Finding 1 — Supermarkets are significantly clustered (Ripley’s K-function). The K-function analysis rejects Complete Spatial Randomness at all tested distances. Clustering is most intense below 2 km, consistent with agglomeration around Metro nodes and commercial corridors. This clustering is the structural precondition for food deserts: the concentration of retail in some areas necessarily leaves other areas underserved.

Finding 2 — Population density is a significant predictor of retail intensity, but undersupply is not confined to the periphery (PPM). The log-linear PPM confirms a positive and significant relationship between residential density and supermarket intensity (β₁ = 1.47^{-4}, p < 0.001). The smoothed residual map (Section 5.5) and district-level summary (Section 5.6) together reveal that retail undersupply affects a broader set of districts than the peripheral narrative would suggest. Bielany, Wilanów, and Ursynów — established, densely populated districts — record the most strongly negative mean residuals, indicating that their supermarket counts fall furthest below population-based predictions. Peripheral districts Wesoła and Wawer follow, with Białołęka ranking sixth. The food desert problem in Warsaw is therefore both a peripheral growth lag and a middle-city density gap.
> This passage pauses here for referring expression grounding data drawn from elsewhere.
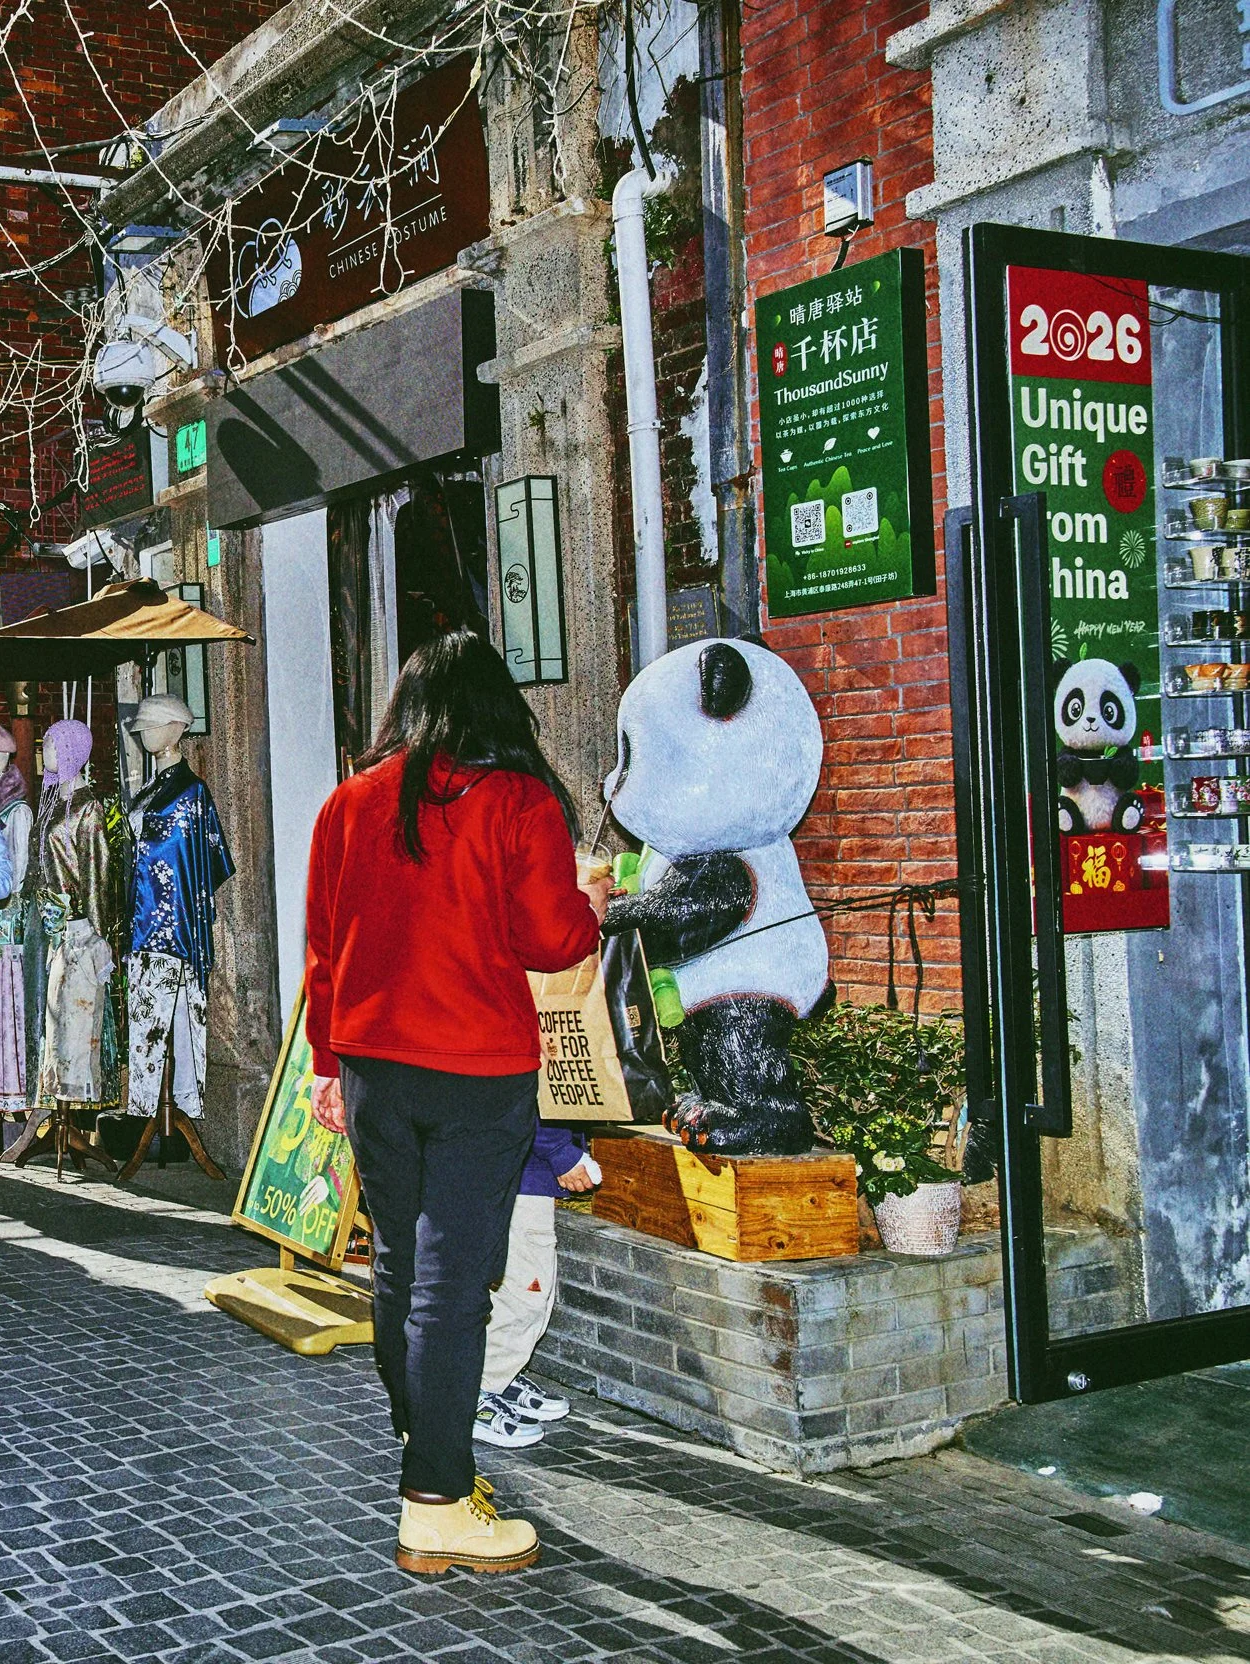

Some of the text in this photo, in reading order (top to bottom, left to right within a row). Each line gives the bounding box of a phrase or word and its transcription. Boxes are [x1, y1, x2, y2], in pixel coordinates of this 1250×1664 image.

[329, 206, 447, 279] CHINESE COSTUME
[789, 284, 863, 326] 晴唐驿站
[774, 346, 785, 374] 晴唐
[790, 317, 879, 372] 千杯店
[773, 361, 889, 406] ThousandSunny
[1020, 386, 1148, 443] Unique
[183, 426, 199, 453] 47
[1021, 444, 1087, 487] Gift
[1049, 512, 1107, 543] om
[1053, 558, 1129, 600] hina
[1074, 620, 1147, 640] HAPPY NEW YEAR
[1081, 845, 1111, 889] 福
[538, 1010, 586, 1034] COFFEE
[560, 1036, 591, 1058] FOR
[547, 1060, 597, 1082] COFFEE
[550, 1084, 604, 1106] PEOPLE
[260, 1185, 297, 1226] 50%
[303, 1203, 338, 1243] OFF
Finding 3 — Peripheral districts face compounded spatial disadvantage (accessibility analysis). The distance surface reveals extensive red zones (> 800 m to nearest supermarket) across Białołęka and Wawer. The Metro buffer analysis shows that these same areas lie outside the transit catchment zone. Residents in these districts face a double isolation: no walkable supermarket and no Metro access — making car ownership a de facto requirement for food shopping.

7.2 Limitations

The analysis has two principal limitations. First, the PPM is intentionally parsimonious, using population density as the sole covariate; additional drivers of retail location — land prices, road accessibility, competitor proximity — are not modelled. Second, the OSM supermarket dataset reflects the state of crowd-sourced mapping at the time of query and may undercount newer or smaller large-format stores, particularly in fast-growing peripheral districts. Both limitations point in the same direction: the food desert designation for Białołęka and Wawer is, if anything, conservative.

7.3 Policy Recommendations

  • Incentivise peripheral retail. Zoning policy should provide density bonuses or reduced commercial rates for large-format supermarkets opening in red-zone accessibility areas, prioritising northern Białołęka and south-eastern Wawer/Wesoła.

  • Mandate ground-floor retail in new residential permits. Rapid-growth districts such as Białołęka should require a minimum share of commercial ground-floor space in new residential developments, ensuring food infrastructure grows alongside population.

  • Improve feeder transit to existing retail nodes. Where supermarkets exist but are spatially isolated (Białołęka’s fragmented blue islands), local bus frequency and cycling infrastructure improvements can reduce effective distance without new store development.

In sum, Warsaw’s food desert problem is not a shortage of supermarkets in aggregate, but a systematic mismatch between where people live and where stores are located — a mismatch amplified by the concentration of retail investment along transit corridors and the lagging commercial development of fast-growing peripheral districts.